THE TASK:
Each entry below is to be reproduced exactly, though any pictures it holds must be omitted.

■ ■ ■ ■ ■

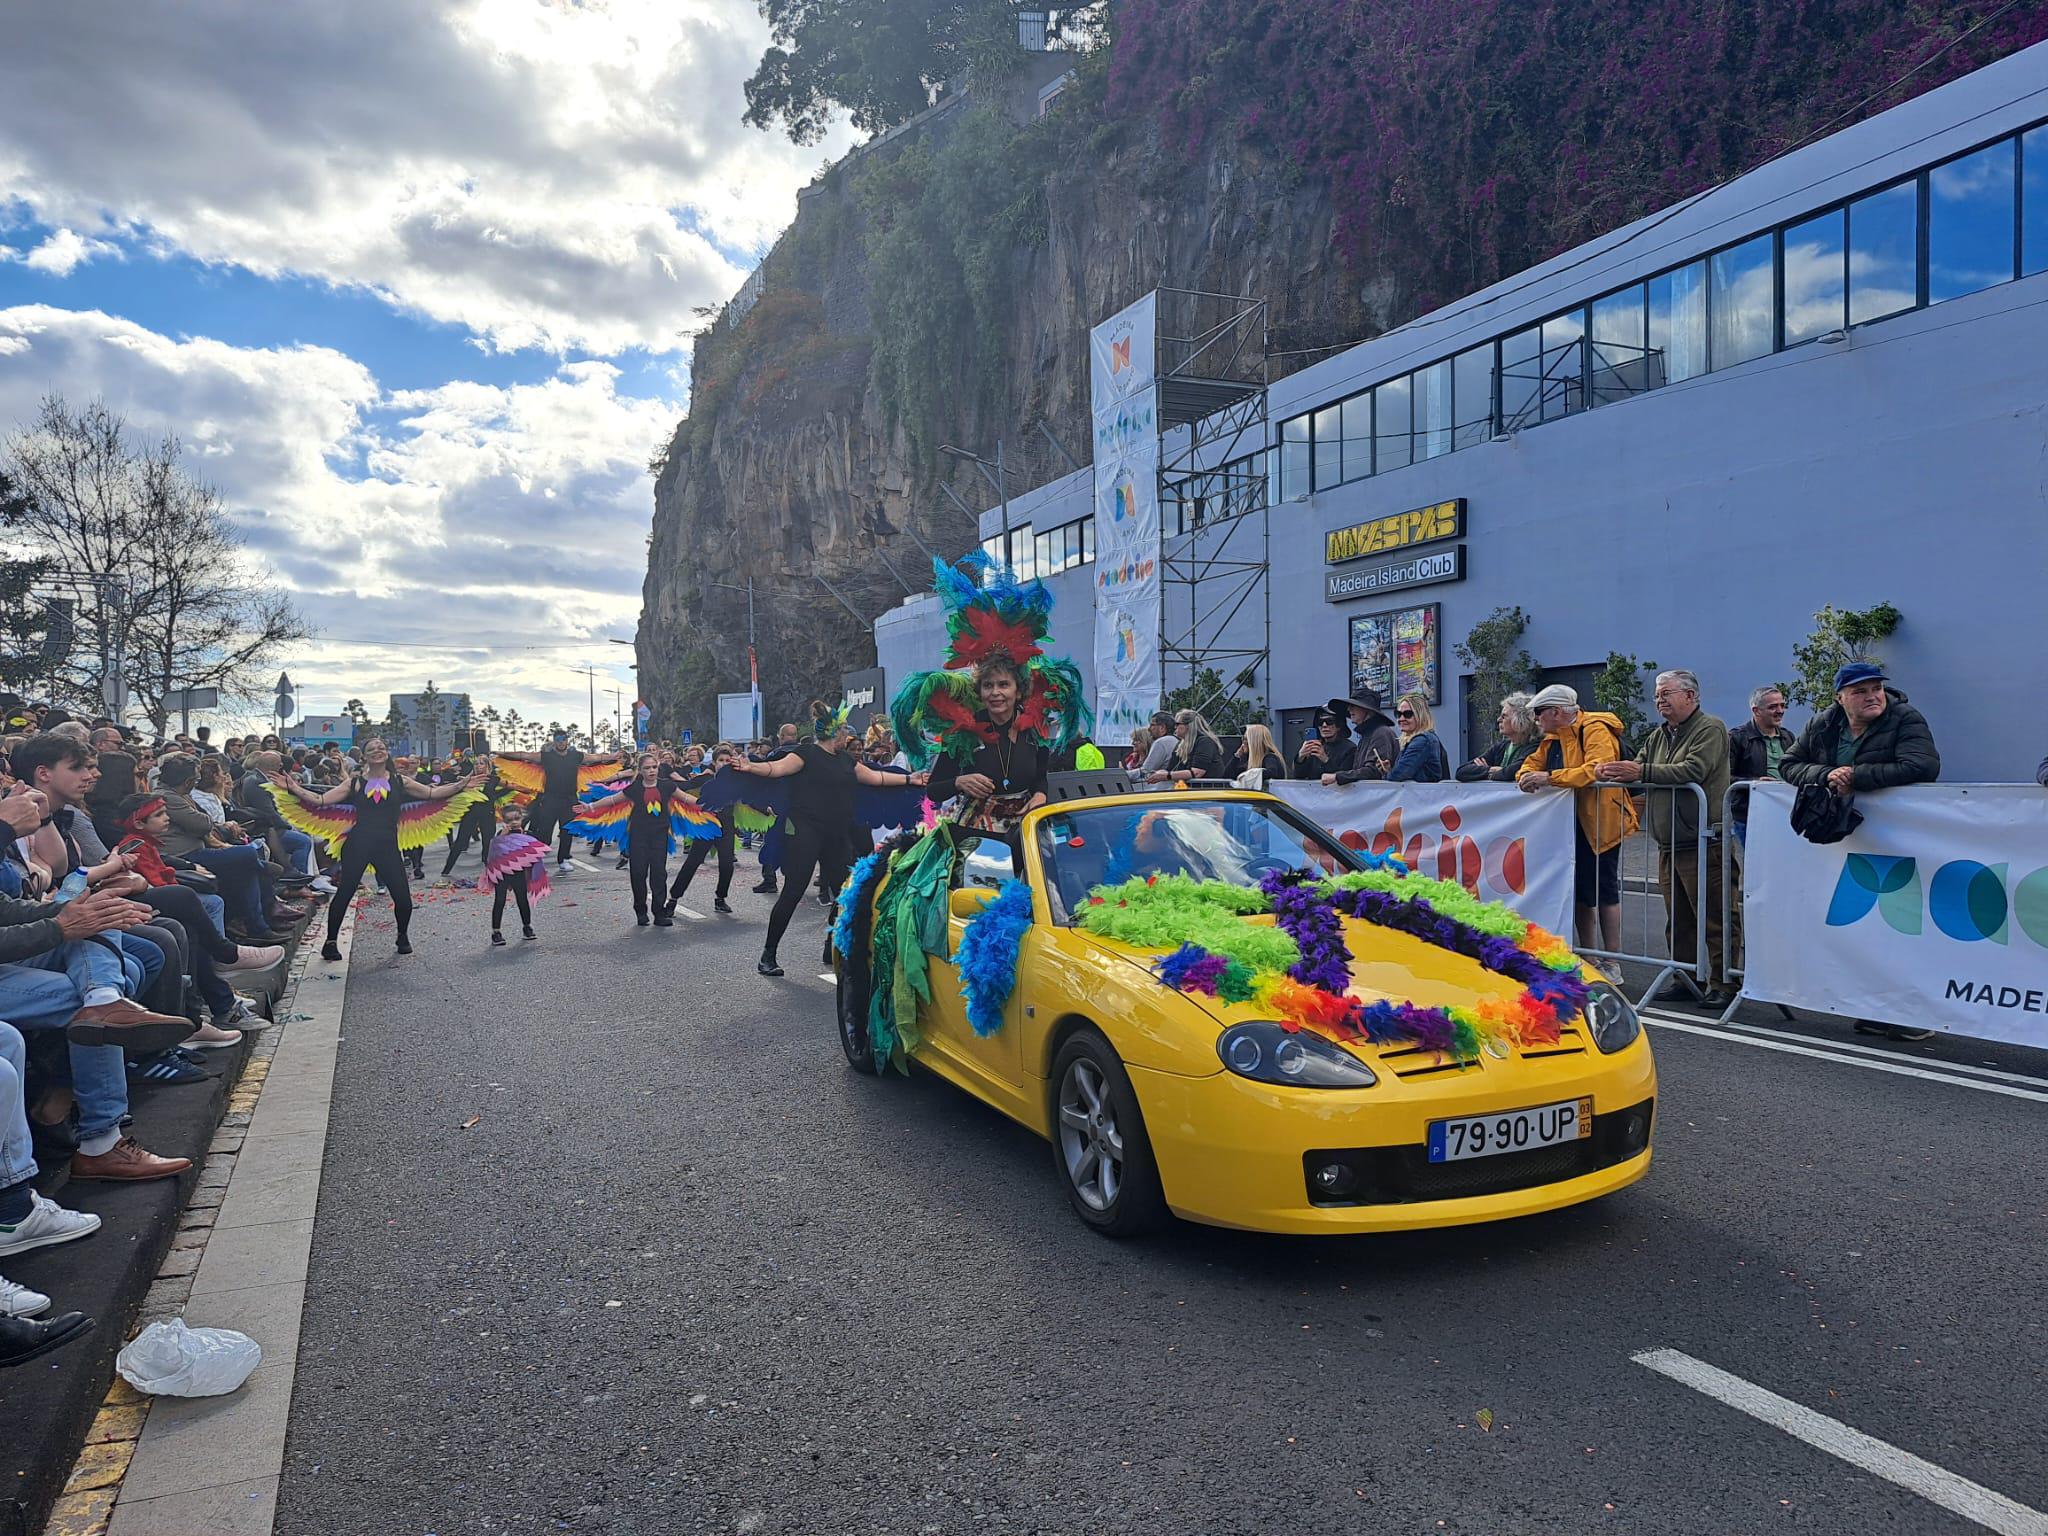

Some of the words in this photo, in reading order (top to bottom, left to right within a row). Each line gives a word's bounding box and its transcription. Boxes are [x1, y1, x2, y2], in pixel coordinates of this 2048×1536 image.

[1330, 572, 1376, 594] Madeira
[1378, 561, 1416, 585] Island
[1419, 556, 1452, 577] Club
[1945, 979, 2048, 1014] MADE
[1580, 1103, 1590, 1115] 03
[1580, 1122, 1590, 1134] 02
[1433, 1146, 1440, 1156] P
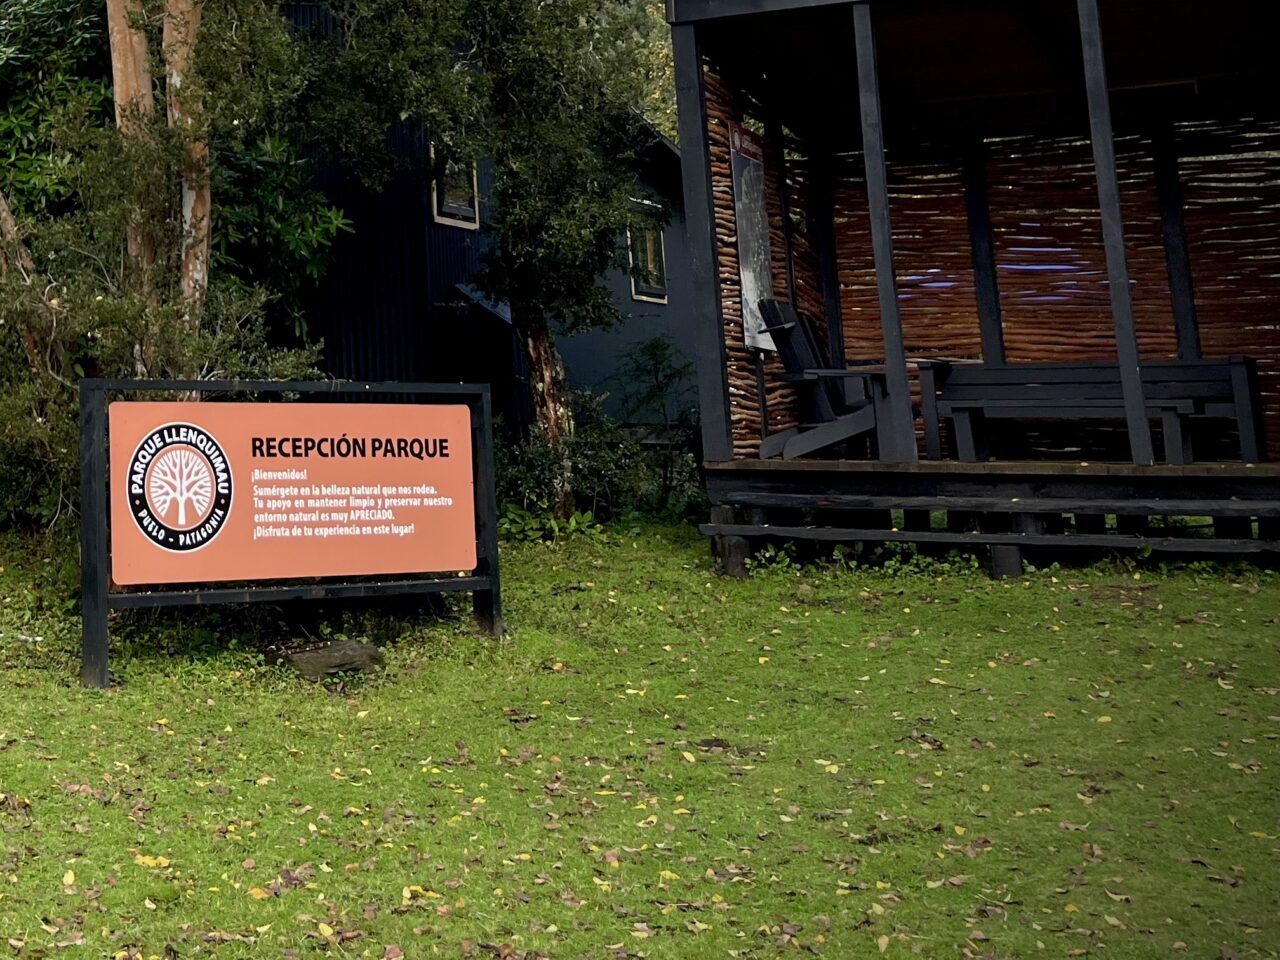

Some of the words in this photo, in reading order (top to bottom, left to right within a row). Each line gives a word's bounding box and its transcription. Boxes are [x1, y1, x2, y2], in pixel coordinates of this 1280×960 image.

[251, 433, 366, 458] RECEPCIÓN
[371, 438, 450, 460] PARQUE
[131, 433, 164, 494] PARQUE
[163, 428, 229, 494] LLENQUIMAU
[251, 468, 307, 483] ¡Bienvenidos!
[253, 484, 298, 498] Sumérgete
[300, 487, 310, 496] en
[312, 484, 320, 495] la
[321, 484, 350, 495] belleza
[351, 484, 381, 495] natural
[382, 486, 397, 497] que
[398, 486, 412, 494] nos
[413, 483, 438, 494] rodea.
[253, 497, 264, 508] Tu
[266, 499, 292, 511] apoyo
[294, 499, 305, 508] en
[307, 497, 347, 508] mantener
[349, 496, 375, 509] limpio
[377, 498, 383, 508] y
[384, 497, 421, 509] preservar
[423, 496, 453, 506] nuestro
[254, 511, 288, 522] entorno
[289, 510, 319, 521] natural
[320, 512, 329, 521] es
[331, 511, 348, 523] muy
[350, 509, 395, 521] APRECIADO.
[138, 509, 166, 540] PUELO
[179, 508, 224, 546] PATAGONIA
[253, 525, 290, 540] ¡Disfruta
[291, 524, 302, 536] de
[303, 526, 313, 536] tu
[314, 524, 360, 538] experiencia
[362, 526, 372, 535] en
[373, 524, 390, 535] este
[391, 523, 415, 537] lugar!
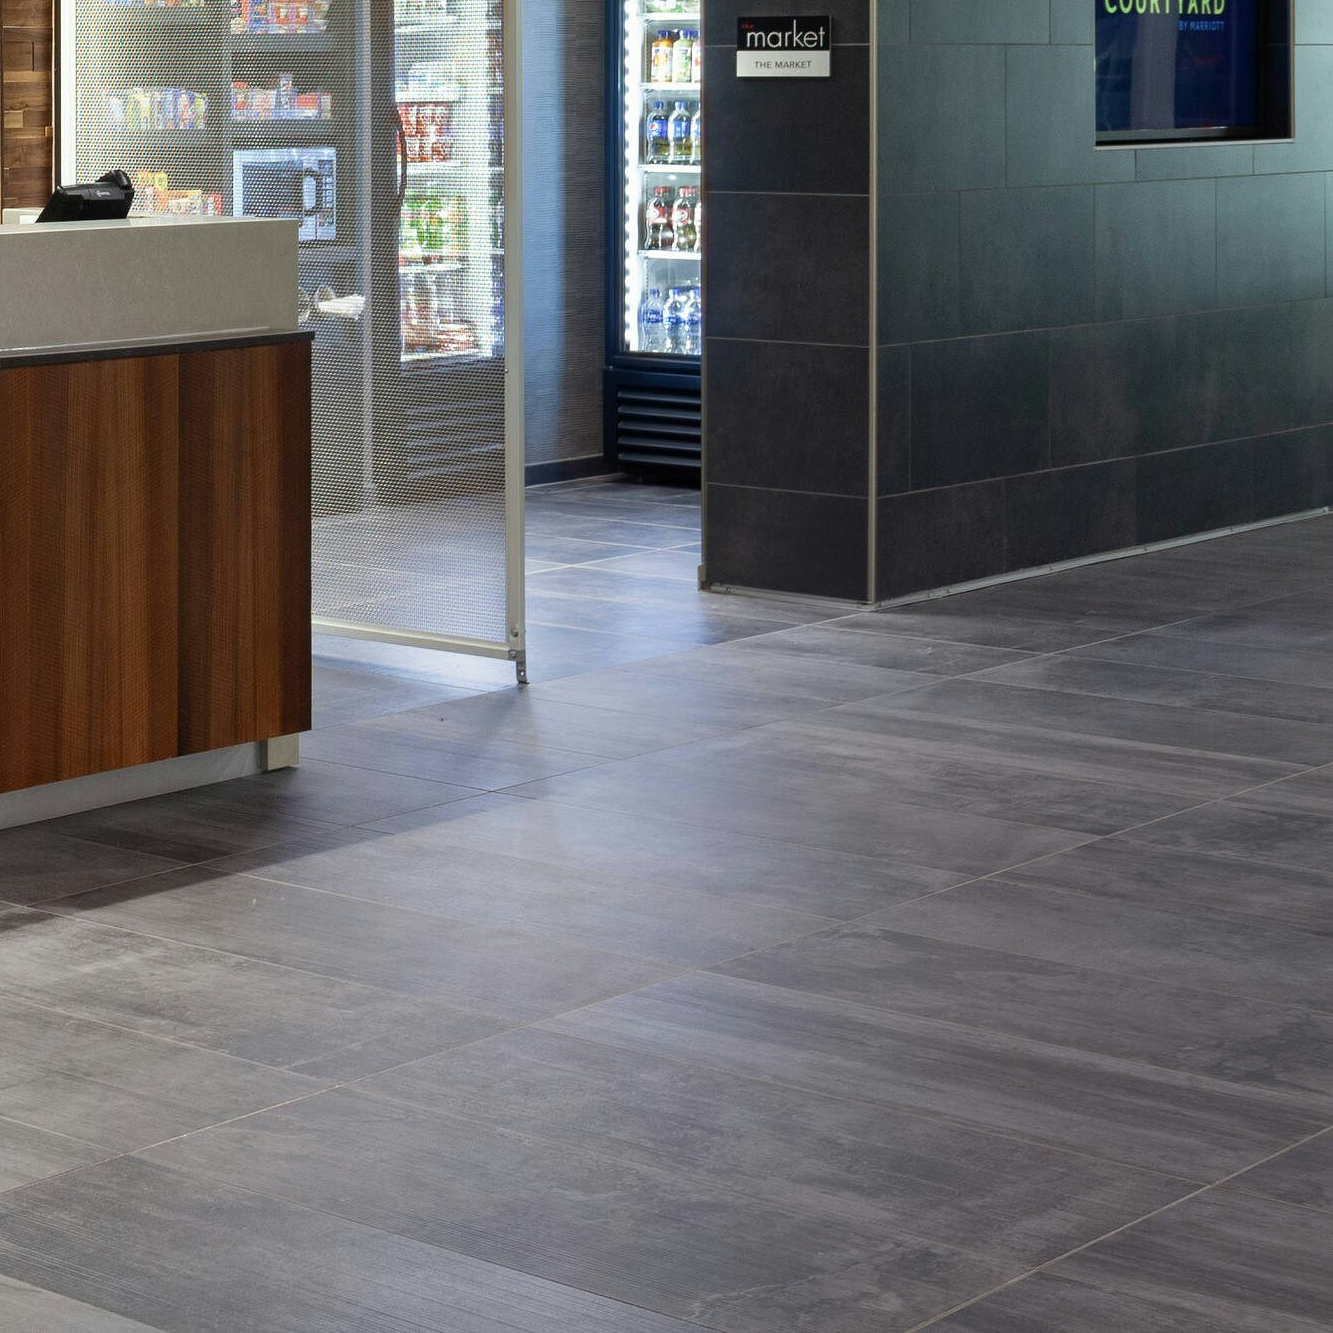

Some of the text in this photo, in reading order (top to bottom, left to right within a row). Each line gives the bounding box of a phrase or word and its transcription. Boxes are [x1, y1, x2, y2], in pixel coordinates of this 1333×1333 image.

[746, 19, 826, 48] market
[755, 60, 812, 69] THE MARKET
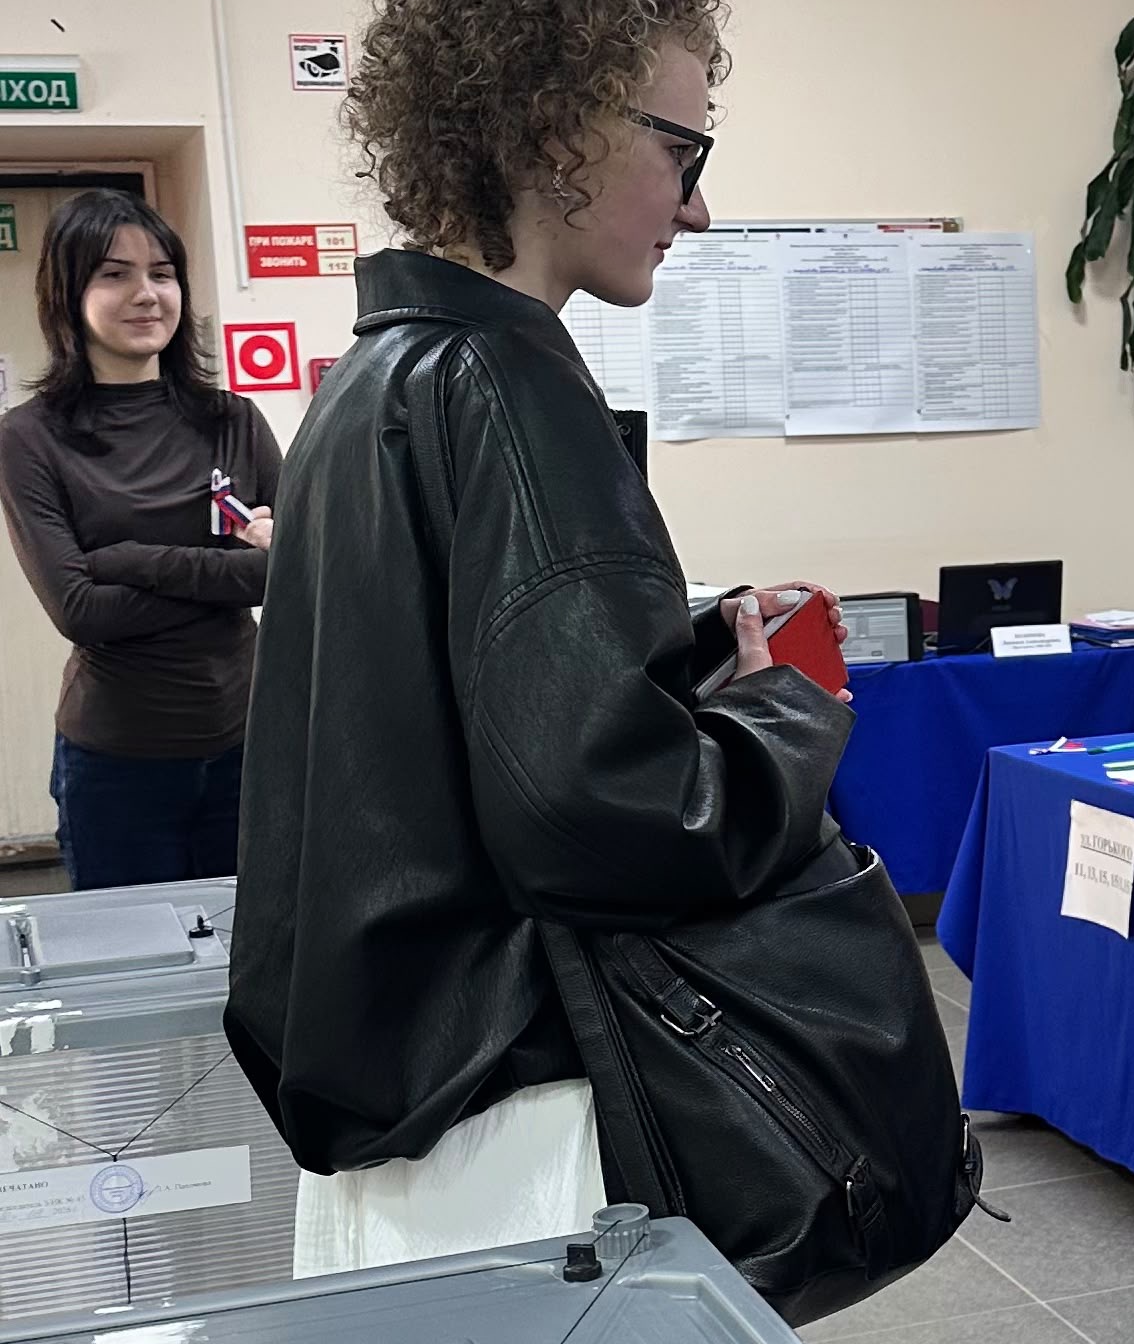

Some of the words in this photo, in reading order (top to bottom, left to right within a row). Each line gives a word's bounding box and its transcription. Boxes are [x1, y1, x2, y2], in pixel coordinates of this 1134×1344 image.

■ ■ ■ ■ ■

ANSWER SECTION:
Some of the words in this photo, in reading order (top to bottom, left to right within a row). Each line gives a word's bounding box and its transcription. Boxes are [x1, y1, x2, y2], in pixel coordinates of this 2048×1536 image.

[1330, 572, 1376, 594] Madeira
[1378, 561, 1416, 585] Island
[1419, 556, 1452, 577] Club
[1945, 979, 2048, 1014] MADE
[1580, 1103, 1590, 1115] 03
[1580, 1122, 1590, 1134] 02
[1433, 1146, 1440, 1156] P

Some of the words in this photo, in reading order (top to bottom, left to right within a row). Each line gives a word's bounding box and its transcription. Boxes are [x1, y1, x2, y2], in pixel coordinates of this 1280×960 image.

[251, 433, 366, 458] RECEPCIÓN
[371, 438, 450, 460] PARQUE
[131, 433, 164, 494] PARQUE
[163, 428, 229, 494] LLENQUIMAU
[251, 468, 307, 483] ¡Bienvenidos!
[253, 484, 298, 498] Sumérgete
[300, 487, 310, 496] en
[312, 484, 320, 495] la
[321, 484, 350, 495] belleza
[351, 484, 381, 495] natural
[382, 486, 397, 497] que
[398, 486, 412, 494] nos
[413, 483, 438, 494] rodea.
[253, 497, 264, 508] Tu
[266, 499, 292, 511] apoyo
[294, 499, 305, 508] en
[307, 497, 347, 508] mantener
[349, 496, 375, 509] limpio
[377, 498, 383, 508] y
[384, 497, 421, 509] preservar
[423, 496, 453, 506] nuestro
[254, 511, 288, 522] entorno
[289, 510, 319, 521] natural
[320, 512, 329, 521] es
[331, 511, 348, 523] muy
[350, 509, 395, 521] APRECIADO.
[138, 509, 166, 540] PUELO
[179, 508, 224, 546] PATAGONIA
[253, 525, 290, 540] ¡Disfruta
[291, 524, 302, 536] de
[303, 526, 313, 536] tu
[314, 524, 360, 538] experiencia
[362, 526, 372, 535] en
[373, 524, 390, 535] este
[391, 523, 415, 537] lugar!

Some of the text in this photo, in reading order (top to bottom, left to right within a row). Each line gives the bounding box of a phrase or word and its transcription. Boxes are [x1, y1, x2, y2], in pixel coordinates of this 1333×1333 image.

[746, 19, 826, 48] market
[755, 60, 812, 69] THE MARKET

Some of the words in this photo, in reading order (top to bottom, left to right within a row). Each line gives a word's bounding box and its transcription. Boxes are [x1, y1, x2, y2], in pixel coordinates of this 1134×1344 image.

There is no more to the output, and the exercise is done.